Die Häuser von Sep Ruf allerdings haben sich immer auch ihrer Umgebung angepasst,und Wohnhäuser, beispielsweise in der Hugo-Junkers-Siedlung in Grünwald, haben sich in die Ortsgegebenheiten gefügt, das Wohnen aber ein wenig anders gedacht. Es ist bezeichnend, dass Menschen, die in Gebäuden von Sep Ruf wohnen, dort meistens sehr gerne leben und betonen, dass sich auch Gäste dort stets sehr wohl fühlen. Der schlechte Ruf der „Tankstellen-Architektur“ scheint also nicht immer angebracht.
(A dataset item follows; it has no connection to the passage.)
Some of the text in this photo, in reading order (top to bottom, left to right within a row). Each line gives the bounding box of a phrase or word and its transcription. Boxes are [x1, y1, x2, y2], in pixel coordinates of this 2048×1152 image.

Das Renommee als moderner Architekt erwarb sich Sep Ruf vor allem mit großen Funktionsgebäuden wie das Max-Planck-Institut in München, die Erweiterung des Germanischen Nationalmuseums in Nürnberg oder auch der Capistran-Kirche in München. Aber das zeigt die Doku von Johann Betz ausführlich und im Detail.
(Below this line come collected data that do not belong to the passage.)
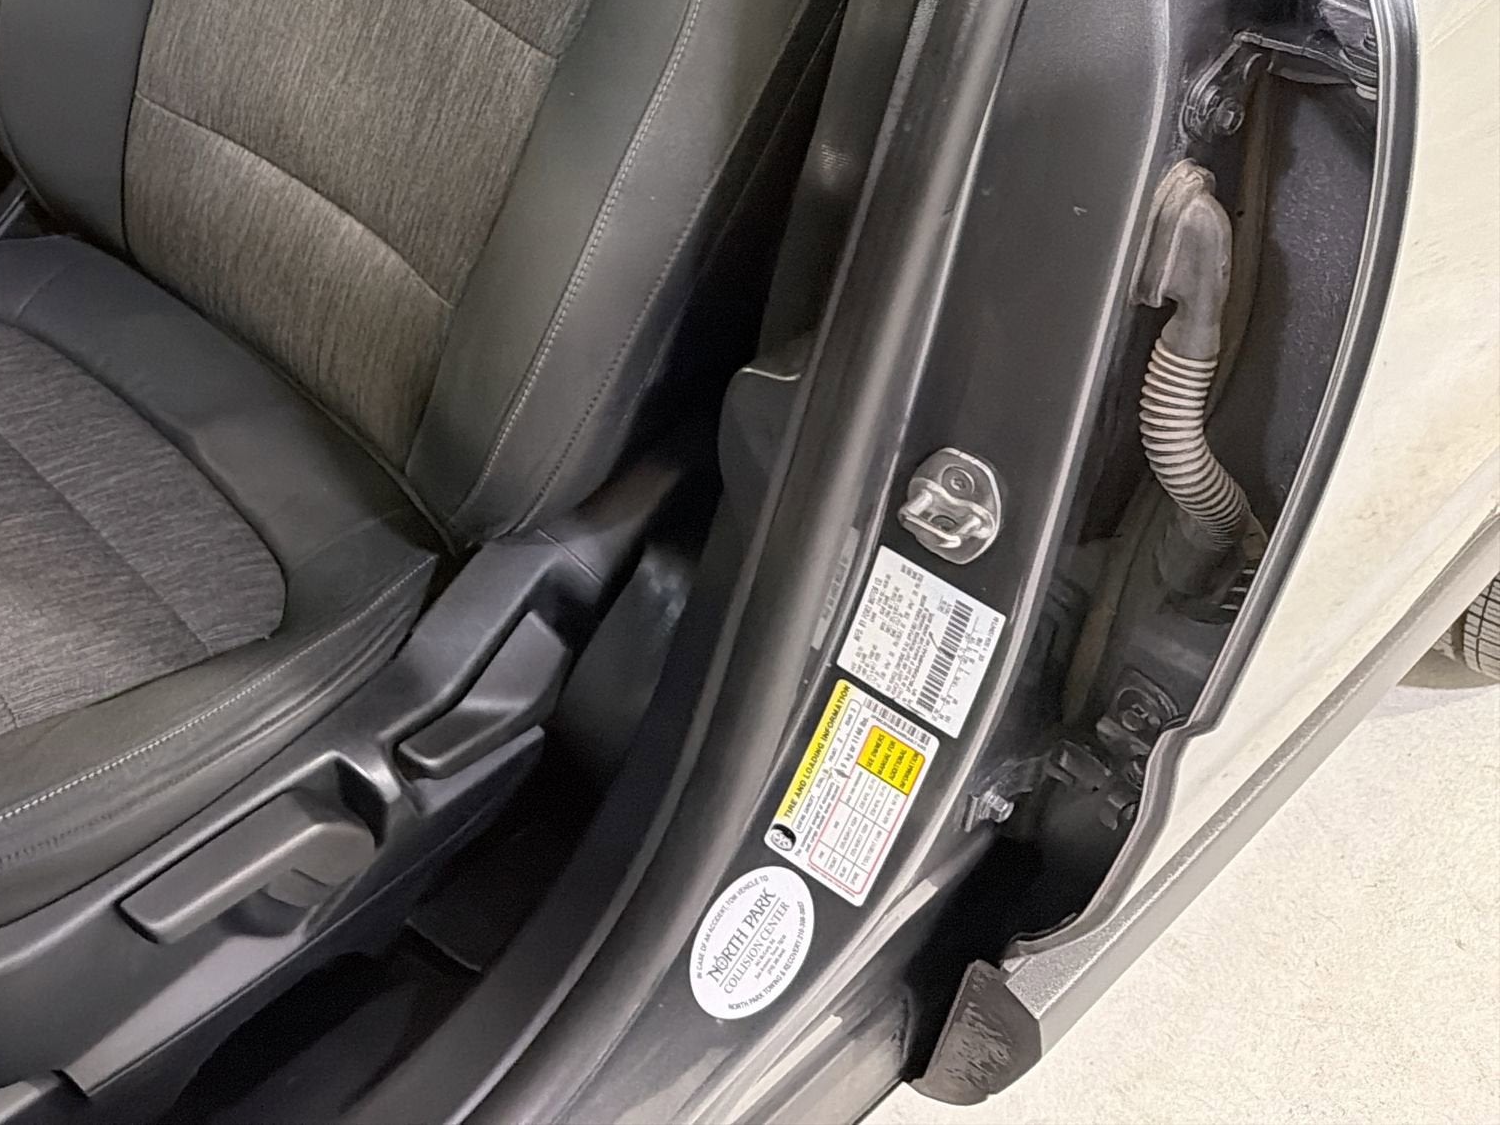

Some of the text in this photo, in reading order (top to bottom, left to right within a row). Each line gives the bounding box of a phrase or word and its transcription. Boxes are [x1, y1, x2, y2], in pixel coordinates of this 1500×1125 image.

[783, 798, 798, 818] TIRE
[792, 779, 807, 799] AND
[801, 741, 825, 778] LOADING
[818, 684, 852, 741] INFORMATION
[886, 739, 896, 752] FOR
[705, 886, 777, 982] NORTH PARK
[722, 900, 790, 995] COLLISION CENTER
[748, 992, 764, 1004] PARK
[762, 974, 782, 994] TOWING
[782, 939, 801, 971] RECOVERY
„Die Trennung von Konstruktion und Raumabschluss“
Filmisch setzt der Dokumentarfilmer und Produzent in seinem Erstling auf eindrucksvolle Kamerafahrten und eine Anreicherung des Gesamteindrucks durch herausragende Baudetails. Das wird bisweilen im Split-Screen präsentiert, was einerseits sehr schön ist, andererseits auch Orientierung verlangt.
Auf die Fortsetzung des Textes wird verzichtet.